WORK TO BE COMPLETED:
Leave every picture behind and copy the rest of the entries below exactly.

== Segment start ==

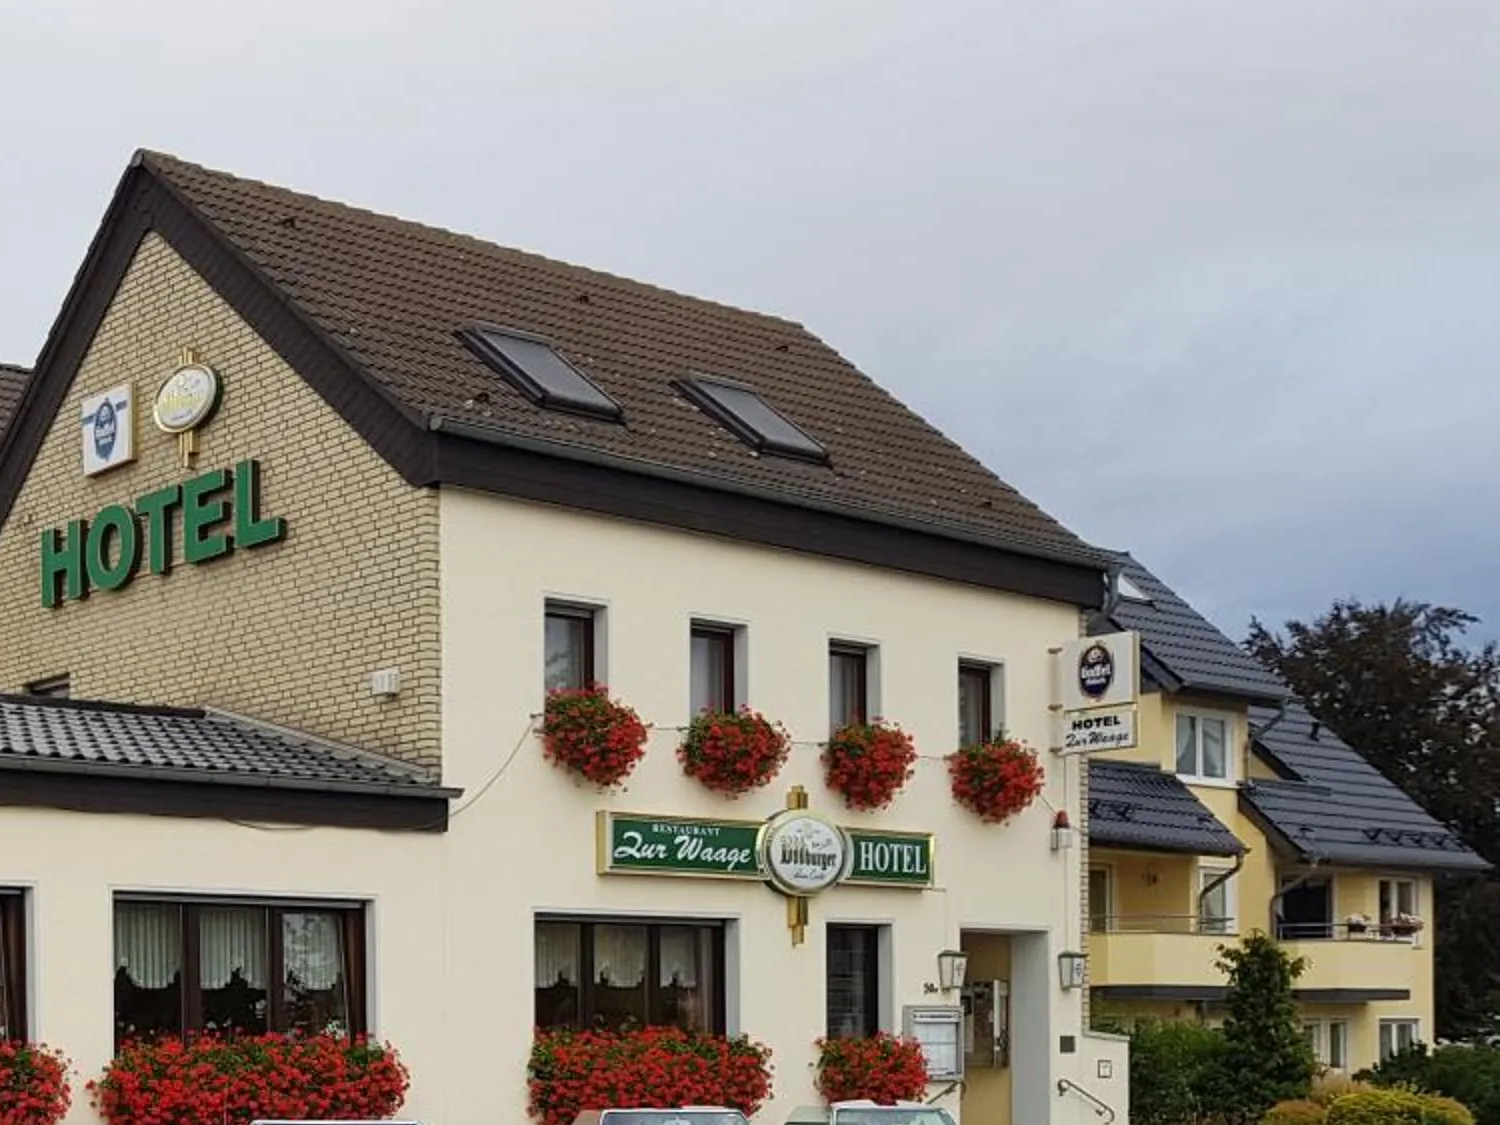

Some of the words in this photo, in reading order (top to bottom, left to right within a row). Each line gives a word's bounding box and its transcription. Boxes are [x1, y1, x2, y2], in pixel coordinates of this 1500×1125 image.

[41, 459, 284, 608] HOTEL
[1071, 715, 1121, 731] HOTEL
[651, 823, 721, 837] RESTAURANT
[613, 831, 668, 859] Zur
[673, 834, 751, 871] Waage
[859, 841, 927, 873] HOTEL

== Segment end ==

RESPONSE TO THIS EXERCISE:
Some of the words in this photo, in reading order (top to bottom, left to right within a row). Each line gives a word's bounding box and its transcription. Boxes are [x1, y1, x2, y2], in pixel coordinates of this 1500×1125 image.

[41, 459, 284, 608] HOTEL
[1071, 715, 1121, 731] HOTEL
[651, 823, 721, 837] RESTAURANT
[613, 831, 668, 859] Zur
[673, 834, 751, 871] Waage
[859, 841, 927, 873] HOTEL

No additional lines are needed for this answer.